There was no long-lived asset impairment loss for the first quarter for either 2018 or 2017. This also represents non-recurring fair value expense calculated using Level 3 inputs. See Note 10 – LONG-LIVED ASSETS IMPAIRMENT LOSS on page 30 of the 2017 Form 10-K for a description of the impairment loss calculation.
Fair Value of Financial Instruments
The Company’s financial instruments consist primarily of cash and cash equivalents, trade receivables, marketable securities, trade payables and dividends payable. At March 31, 2018 and December 31, 2017, the historical cost of cash and cash equivalents, trade receivables, trade payables and dividends payable are considered to be representative of their respective fair values due to the short-term maturities of these items.
Note 7 – NEW ACCOUNTING PRONOUNCEMENTS
See the “New Accounting Pronouncements” disclosures on page 25 of the 2017 Form 10-K. There were no other accounting pronouncements issued or that have become effective since December 31, 2017, other than Topic 606 discussed in Note 8, which were directly applicable to the Company or will have any material impact on the Company’s financial position, results of operations or cash flows.
Note 8 – REVENUE RECOGNITION
The Financial Accounting Standards Board (FASB) issued Revenue from Contracts with Customers (Topic 606) superseding virtually all existing revenue recognition guidance. We adopted this new standard in the first quarter of 2018 using the modified retrospective approach. Adoption of the new standard did not require an adjustment to the opening balance of equity and did not have an impact on income/(loss) from operations, earnings per share or cash flows.

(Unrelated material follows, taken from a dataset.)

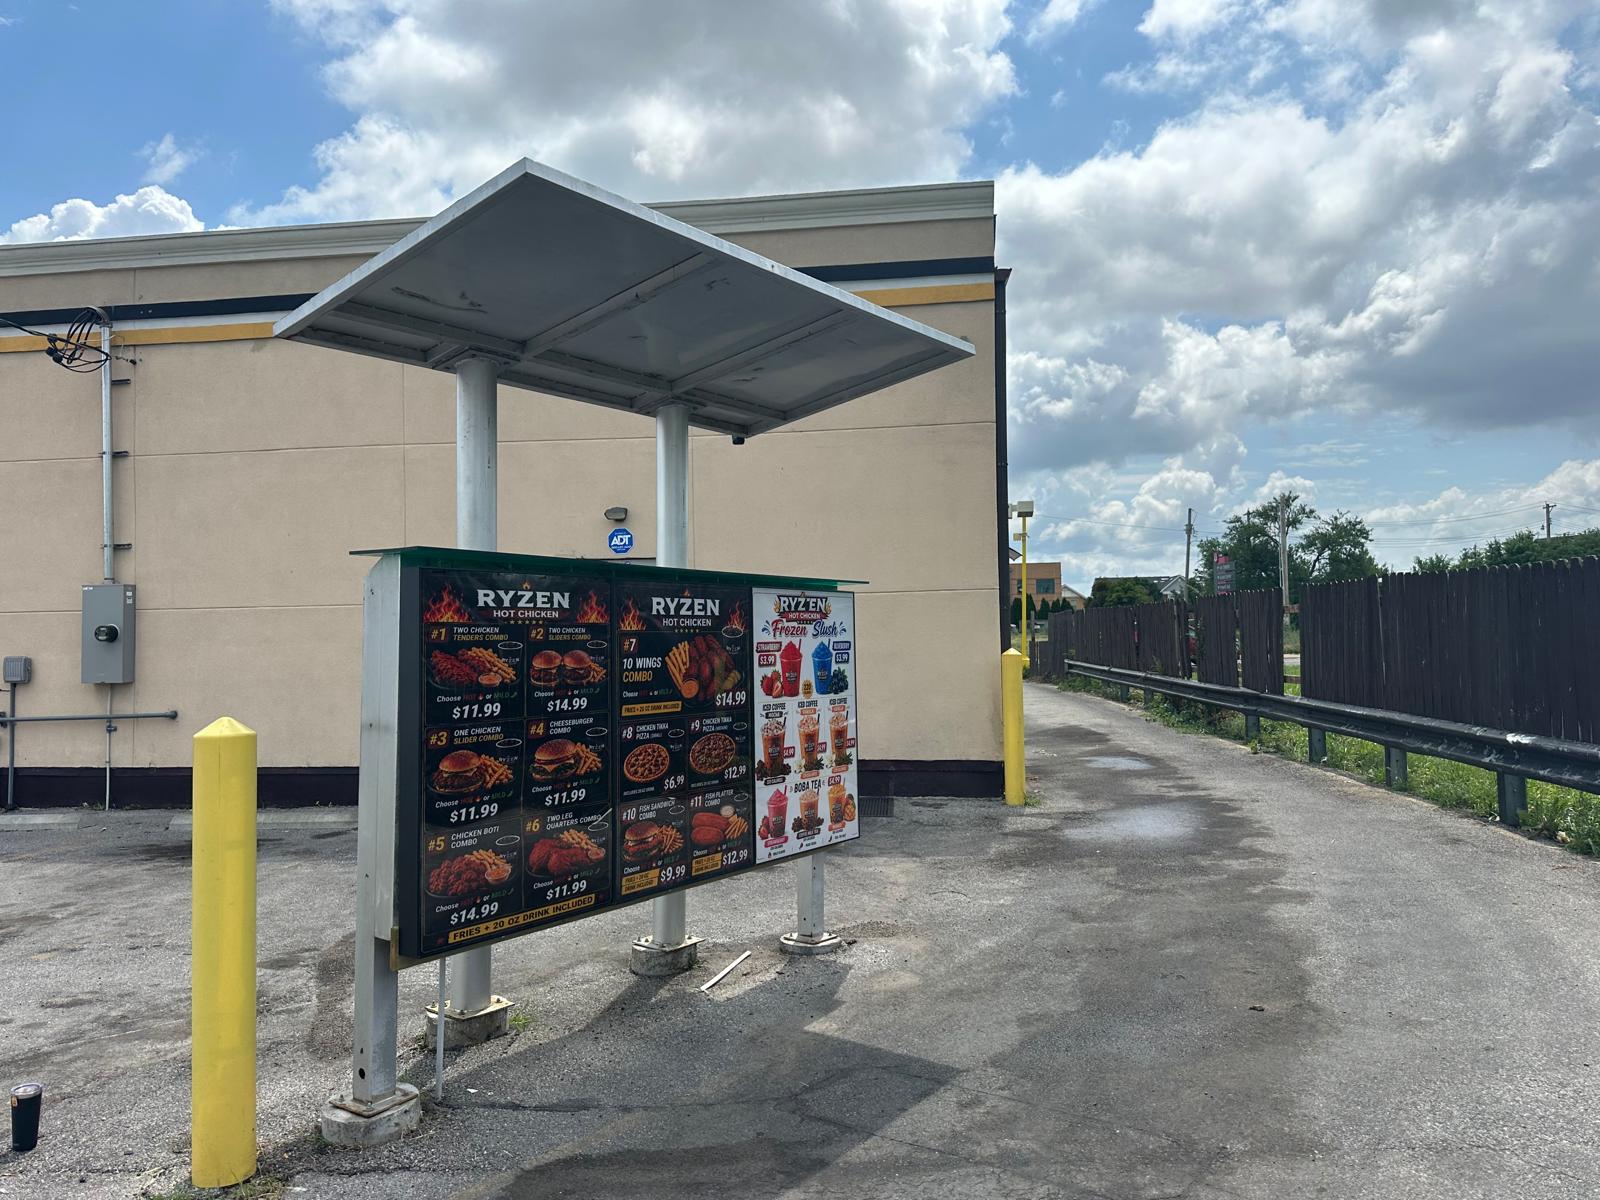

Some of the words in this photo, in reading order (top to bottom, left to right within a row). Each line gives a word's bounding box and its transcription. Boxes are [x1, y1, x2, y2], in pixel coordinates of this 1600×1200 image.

The Company’s revenues are primarily derived from its interests in the sale of oil and natural gas production. Each barrel of oil or thousand cubic feet of natural gas delivered is considered a separate performance obligation. The Company recognizes revenue from its interests in the sales of oil and natural gas in the period that its performance obligations to provide oil and natural gas to customers are satisfied. Performance obligations are satisfied when the Company has no further obligations to perform related to the sale and the customer obtains control of product. The sales of oil and natural gas are made under contracts which the third-party operators of the wells have negotiated with customers, which typically include variable consideration that is based on pricing tied to local indices and volumes delivered in the current month. The Company receives payment from the sale of oil and natural gas production from one to three months after delivery. At the end of each month as performance obligations are satisfied, the variable consideration can be reasonably estimated and amounts due from customers are accrued in accounts receivable in the balance sheets. Variances between the Company’s estimated revenue and actual payments are recorded in the month the payment is received, however, differences have been and are insignificant. Accordingly, the variable consideration is not constrained. A portion of oil and gas sales recorded in the statements of income are the result of estimated volumes and pricing for oil and gas product not yet received for the period. For March 31, 2018 and 2017, that estimate represented approximately $264,543 and $208,619, respectively, of oil and gas sales included in the statements of income.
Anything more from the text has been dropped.